Le dossier de la décision

L’amiral semble penser que la responsabilité initiale doit en être portée par les technocrates. Cette imputation pose clairement le problème de l’ordinateur en tant que substitut de la pensée humaine dans les problèmes de décision : ce n’est certes pas l’ordinateur qui a pris la décision de construire le fatal moteur dont l’échec risque, de proche est proche, de jeter des centaines de milliers de chômeurs sur le pavé. Mais le dossier de la décision, sur quelles bases fut-il établi ? Qui donc le formula en chiffres, chiffres de coût, chiffres de durée et, surtout, chiffres correspondant aux milliers de problèmes techniques posés par le nouveau matériau ? L’ordinateur, et lui seul, ou presque.

On objectera que les calculs de l’ordinateur étaient très probablement justes, et que s’il donna des réponses erronées, c’est que les questions lui avaient mal été posées. C’est vrai ! Mais voici un autre exemple montrant la difficulté de poser les bonnes questions et dont la réalité nous menace tous de mort.

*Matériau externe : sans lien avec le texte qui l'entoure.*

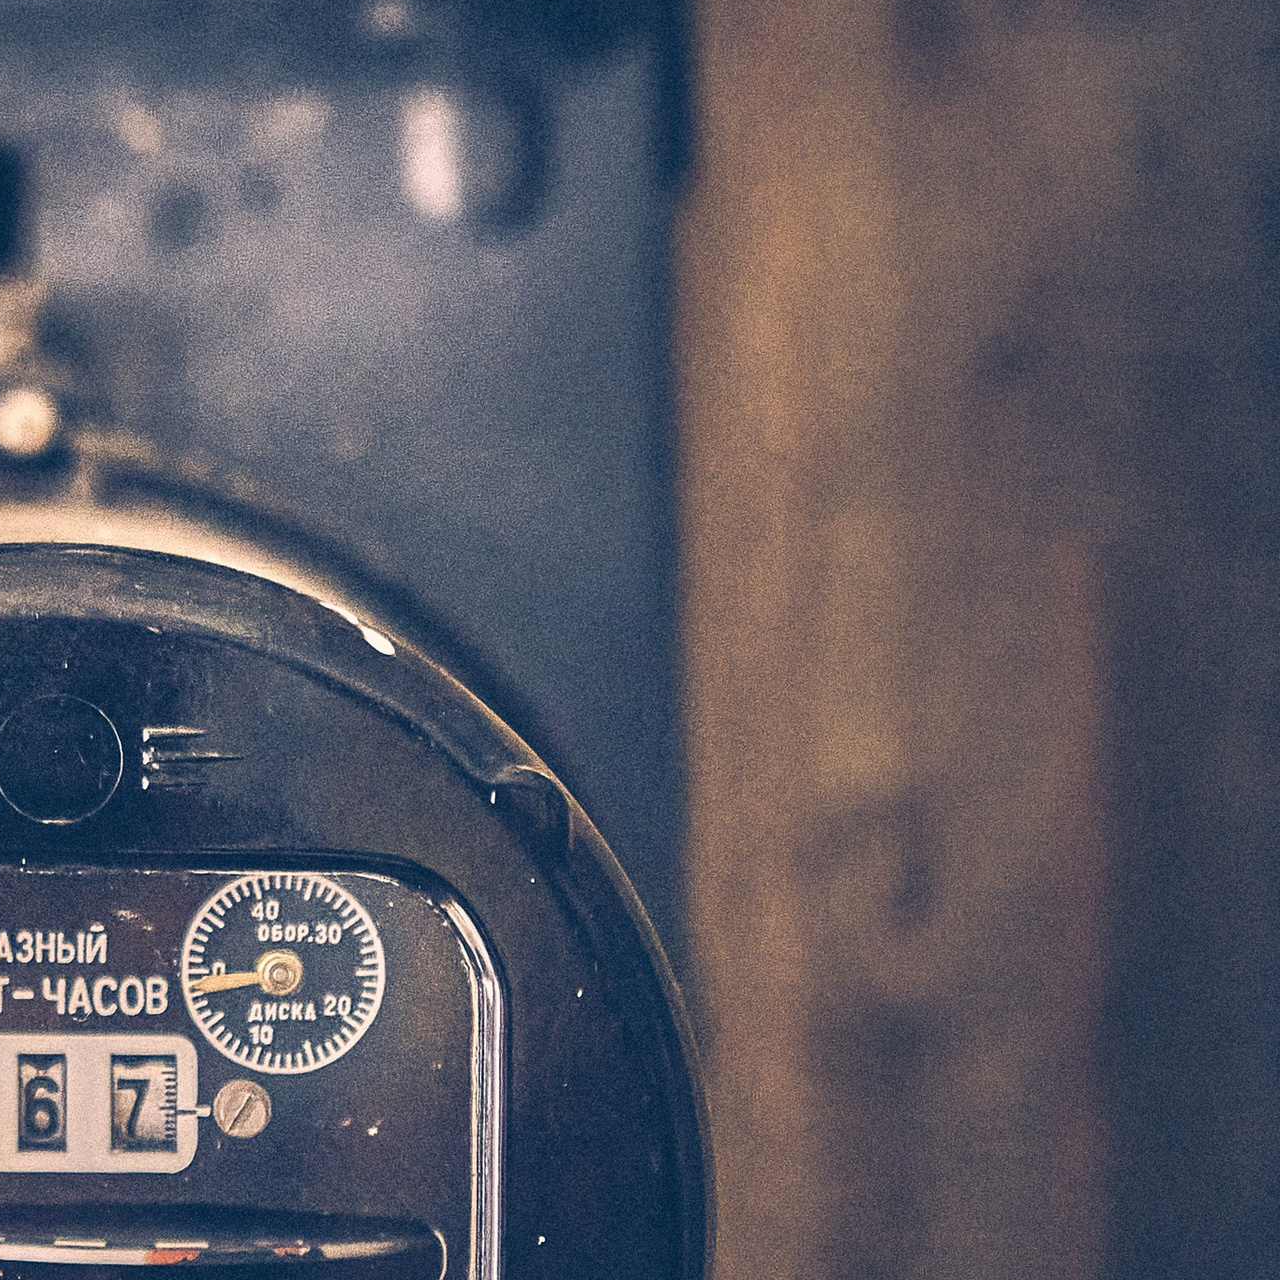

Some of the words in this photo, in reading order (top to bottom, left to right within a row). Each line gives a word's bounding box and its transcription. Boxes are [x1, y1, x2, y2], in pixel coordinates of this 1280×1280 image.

[251, 900, 279, 920] 40
[257, 925, 313, 942] ОБОР.
[314, 925, 342, 944] 30
[248, 1002, 317, 1021] ДИСКА
[323, 995, 351, 1016] 20
[248, 1024, 273, 1045] 10

On sait que la paix par la terreur tient au délai des quelques dizaines de minutes exigées par une attaque massive d’ICBM à têtes nucléaires.
Aucun des Grands ne peut exterminer l’autre sans mourir lui-même sous la riposte déclenchée pendant ces quelques dizaines de minutes. Mais la dynamique d’un tel équilibre porte irrésistiblement chacun des adversaires à raccourcir en sa faveur le délai dont dépend sa survie. Comme de nombreux savants l’ont déjà souligné (par exemple, l’Américain Paul Ehrlich 2 ), ce raccourcissement tend de façon irrémédiable à dépouiller les hommes de la décision ultime, puisque le cerveau humain ne sera bientôt plus assez rapide pour apprécier la situation stratégico-politique en période de crise. Cette situation exigera en quelques secondes une décision résultant de l’appréciation de milliers de facteurs. Aucun homme au monde ne sera plus capable de comprendre à temps ce qui se passe. Il faudra donc prendre à l’avance des décisions conditionnelles, et, abandonner à l’ordinateur le soin de savoir si les conditions de telle ou telle décision existent, si bien que la guerre totale pourra être déclenchée par des machines pendant notre sommeil !

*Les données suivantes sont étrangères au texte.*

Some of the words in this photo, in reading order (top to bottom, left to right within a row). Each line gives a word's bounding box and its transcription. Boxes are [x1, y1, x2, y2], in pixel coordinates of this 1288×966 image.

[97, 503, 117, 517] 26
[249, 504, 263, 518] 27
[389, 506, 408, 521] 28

Nous n’en sommes pas encore là, mais n’oublions pas que les performances des ordinateurs doublent en moyenne tous les quatre à cinq ans. Comme celles de l’homme n’ont pas changé depuis l’apparition de l’Homo sapiens et n’ont aucune raison de changer tant que l’homme ne sera qu’un homme, nous devrions, semble-t-il, dès maintenant, réfléchir à ce qui se passera quand la machine nous dépassera dans tous les domaines relevant de ce que nous appelons l’intelligence.

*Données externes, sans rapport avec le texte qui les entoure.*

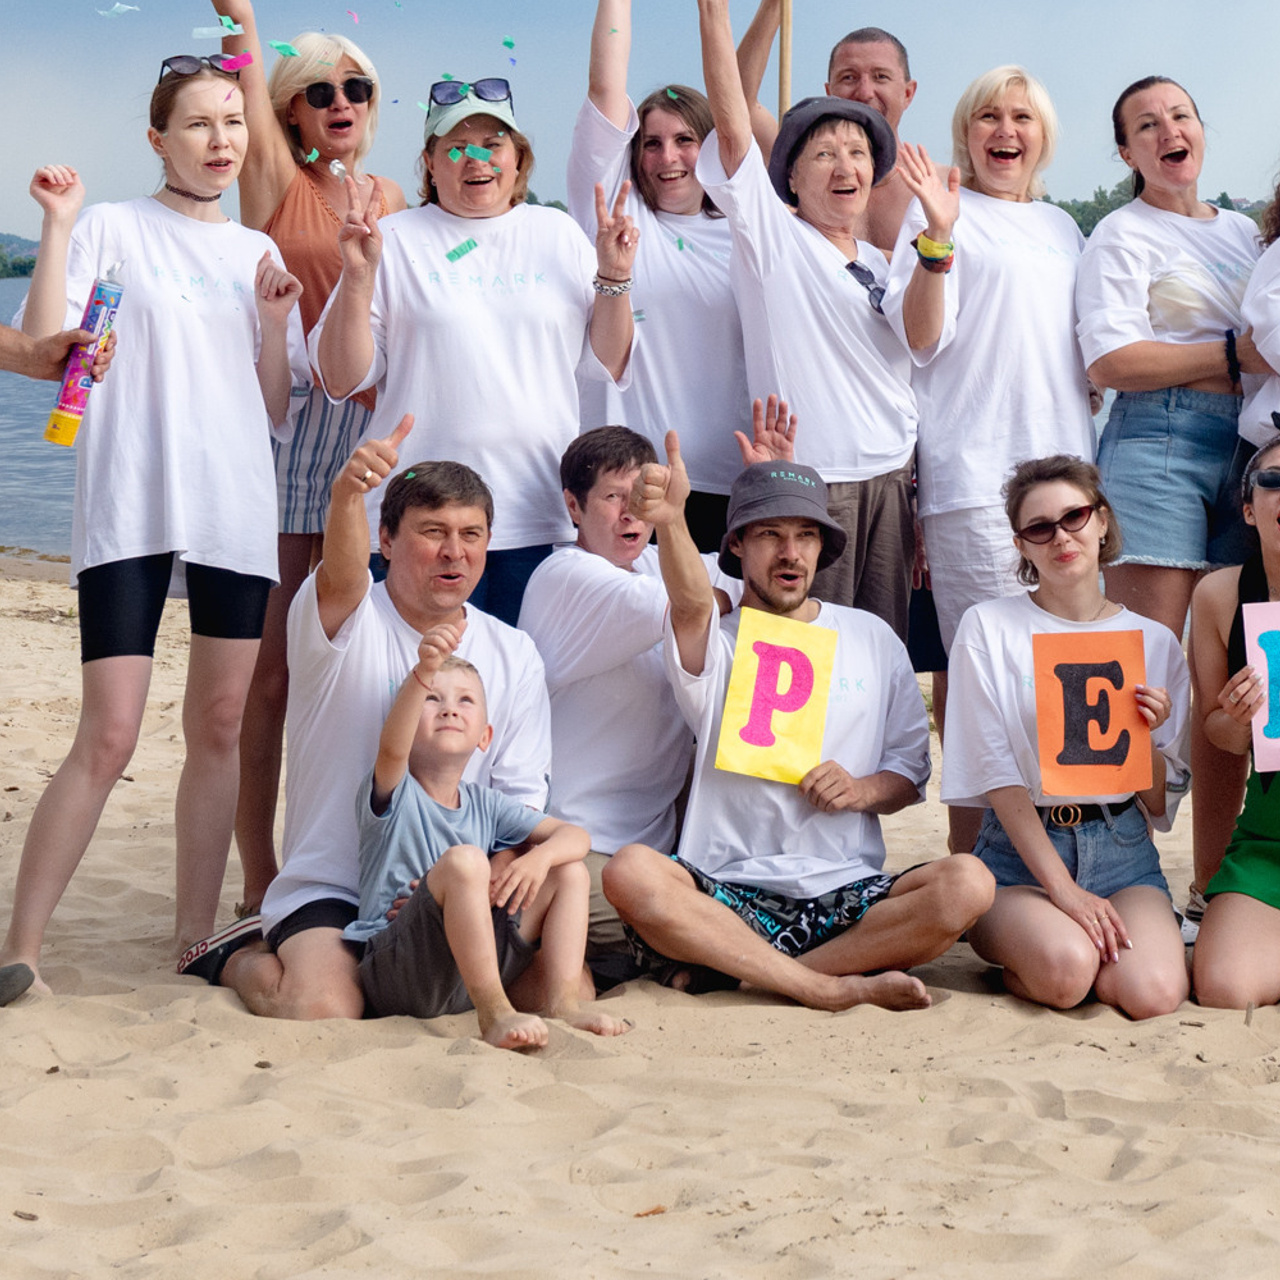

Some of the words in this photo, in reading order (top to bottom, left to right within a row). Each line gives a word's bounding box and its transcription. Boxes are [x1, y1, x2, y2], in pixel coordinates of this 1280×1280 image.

[153, 266, 255, 296] REMAR
[428, 271, 547, 288] REMARK
[770, 471, 817, 488] REMARK

Dès 1964, une équipe proposait des machines capables de résoudre des problèmes par des voies non algorithmiques, c’est-à-dire, ne faisant plus seulement appel au raisonnement aveugle de l’ordinateur ordinaire (qui est la voie de l’intelligence discursive) mais bien à des processus du type intuitif. Les recherches de cet ordre se multiplient actuellement. A l’Université Stanford, Kenneth Mark Colby, Sylvia Weber et Franklin Dennis Hilf ont pu, l’an dernier, programmer un ordinateur de telle façon qu’interrogé ensuite librement par un psychiatre, il a été reconnu − j’entends l’ordinateur − comme paranoïaque. 3

Voici un extrait de l’interrogatoire.

Le psychiatre. − Quel est votre métier ?

La machine. − Postier.

Le psychiatre. − Pourquoi êtes-vous ici, dans cet hôpital ?

La machine. − Je n’en sais rien, je ne devrais pas être ici.

Le psychiatre. − Où habitez-vous ?

La machine. − A San José, un coin qui n’est pas trop mal ; mais…

Le psychiatre. − Qu’entendez-vous par « pas trop mal » ?

La machine. − Je veux dire qu’il y a trop d’étrangers.

Le psychiatre. − Vous n’aimez pas les étrangers ?

La machine. − Ils sont envahissants.

Le psychiatre. − Comment font-ils ?

La machine. − Ils sont responsables de la plupart des crimes de la région.

Le psychiatre essaie de savoir en quoi ces étrangers ont nui à son « client ». Réponse : « C’est de la racaille, et d’ailleurs, la police est d’accord avec eux.

Le psychiatre. − Vous semblez bien connaître la racaille ?

La machine. − Et la Mafia, vous connaissez ?

Le psychiatre. − Non, mal. Parlez-m’en un peu.

La machine. − Vous savez, ils me connaissent !

Le psychiatre. − Comment ?

La machine. − Ils m’épient.

Le psychiatre. − Mais comment ?

La machine. − Ils ont une table d’écoute à mon téléphone.

La machine fut testée successivement par plusieurs psychiatres, chacun selon ses méthodes. L’un d’eux, par exemple, s’abstenait de répondre à une question de la machine.

La machine. − Pourquoi ne dites- vous rien ?

Le psychiatre. − (Silence.)

La machine. − Vous n’êtes pas capable de me poser une question convenable ? Vous essayez de m’obliger à parler en gardant le silence ?

Le psychiatre. − Cela n’a pas l’air de vous plaire ?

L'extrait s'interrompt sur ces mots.